Sketching is a low cost way to explore various possible solution paths. By comparing multiple quickly sketched possibilities, one can better choose the best path forward and and then iterate toward the best version of that solution with wireframing.

Sketching

  • Allows for a series of low effort changes, iterating towards solidification of the design
  • Reveals hidden issues early
  • Saves valuable programming time by exploring options before wireframing
  • Whether it is on a whiteboard, sharpie on paper or pencil sketches - "a picture is worth 1000 words"

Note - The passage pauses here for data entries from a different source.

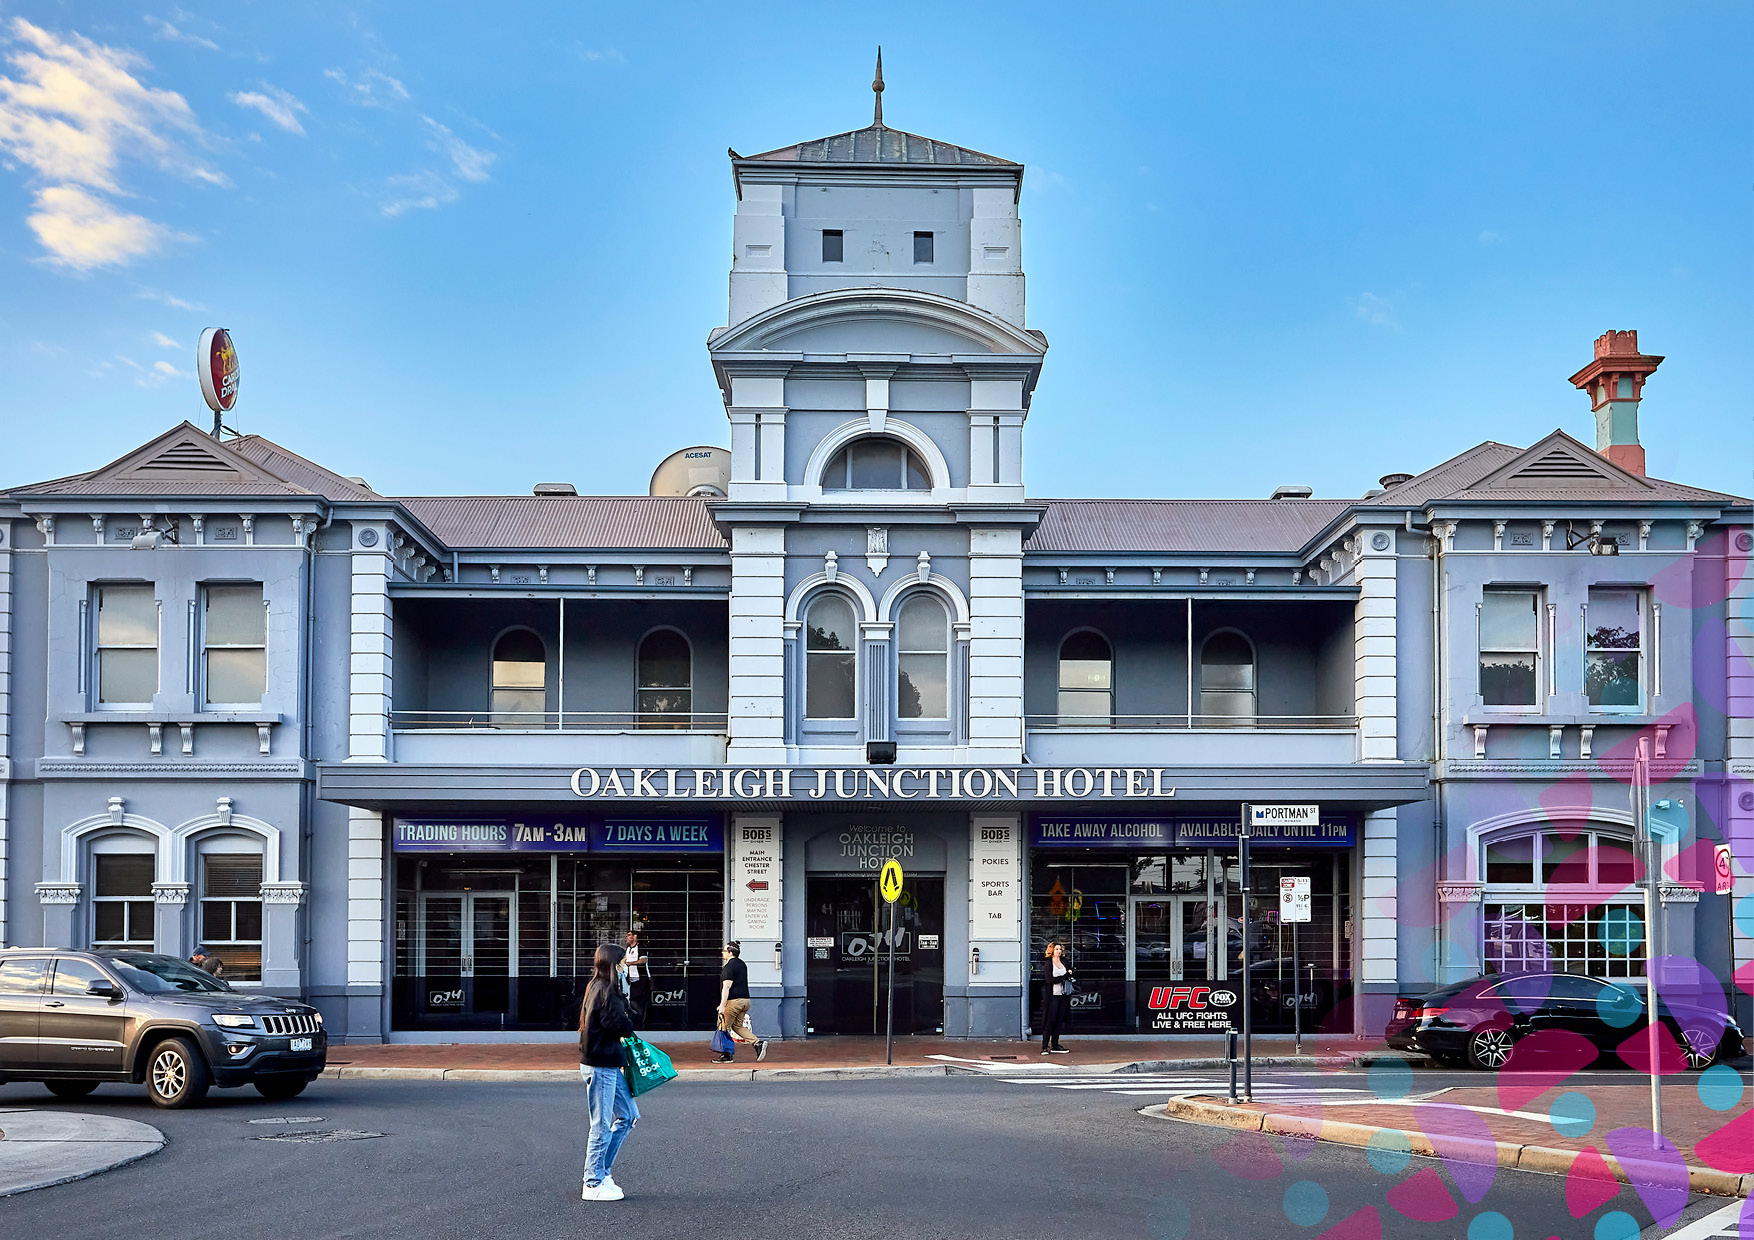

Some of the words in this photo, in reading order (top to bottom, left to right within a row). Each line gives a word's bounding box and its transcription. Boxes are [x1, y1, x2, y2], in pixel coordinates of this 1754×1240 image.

[570, 767, 794, 798] OAKLEIGH
[808, 767, 1022, 798] JUNCTION
[1033, 767, 1177, 798] HOTEL
[1265, 807, 1309, 819] PORTMAN
[398, 825, 458, 841] TRADING
[461, 825, 507, 841] HOURS
[605, 825, 613, 841] 7
[617, 825, 652, 841] DAYS
[656, 825, 667, 841] A
[669, 825, 709, 841] WEEK
[849, 824, 893, 833] Welcome
[896, 824, 906, 833] to
[1041, 823, 1071, 838] TAKE
[1073, 823, 1107, 838] AWAY
[1110, 823, 1163, 838] ALCOHOL
[1179, 823, 1241, 838] AVAILABLE
[1283, 825, 1317, 837] UNTIL
[1320, 823, 1347, 837] 11PM
[742, 829, 772, 840] BOBS
[839, 833, 914, 844] OAKLEIGH
[981, 829, 1010, 840] BOBS
[840, 845, 914, 857] JUNCTION
[859, 857, 888, 869] HOT
[987, 889, 1003, 897] BAR
[1147, 986, 1211, 1010] UFC
[1214, 993, 1231, 1001] FOX
[1156, 1012, 1174, 1020] ALL
[1175, 1012, 1194, 1020] UFC
[1196, 1012, 1228, 1020] FIGHTS
[1152, 1021, 1172, 1029] LIVE
[1173, 1021, 1181, 1029] &
[1182, 1021, 1206, 1029] FREE
[1207, 1021, 1232, 1029] HERE

metaphorical image depicting ideas as mountains

There are thousands of different directions that the design of an interface can take that would 'meet' requirements, but each such design has a varying maximum potential of acceptability, usability, accessibility, visual consistency, etc. One approach can be executed flawlessly, but if it is the wrong approach - it will still fall short. By sketching, wireframing and development time will be shortened when compared with a direct-to-development from requirements approach.

Where to start?

One of the most accepted methods for sketching is a technique called "Design Studio" which is a working meeting where stakeholders visually brainstorm to sketch out different interfaces ideas for a series of screens. Each person (concurrently and silently) sketches their ideas of what a particular interface could look like (timeboxed to 3-5 min). Individuals then pitch their sketch (1 min) and the group critiques each sketch (1 min), identifying pros and cons of each approach. After a round or two - an interface usually emerges that meets the requirements in the best possible manner. Most times it is an combination of various sketches and insights.

Tips

  • Have a clear set of requirements of what the screens need to accomplish
  • Gather examples of other screens from the project or other projects/apps that solve similar challenges for visual reference
  • Have a cross-functional group of stakeholders from both technical and business. (No more than 5-6 people)
  • Use Paper and Sharpies (no erasing!)... unlike a whiteboard, paper is portable
  • Timebox each series of sketches to keep the session moving

After exploring avenues by sketching, wireframing will be much faster. Dont worry about adding details to the sketches... they should have just enough detail to be understood.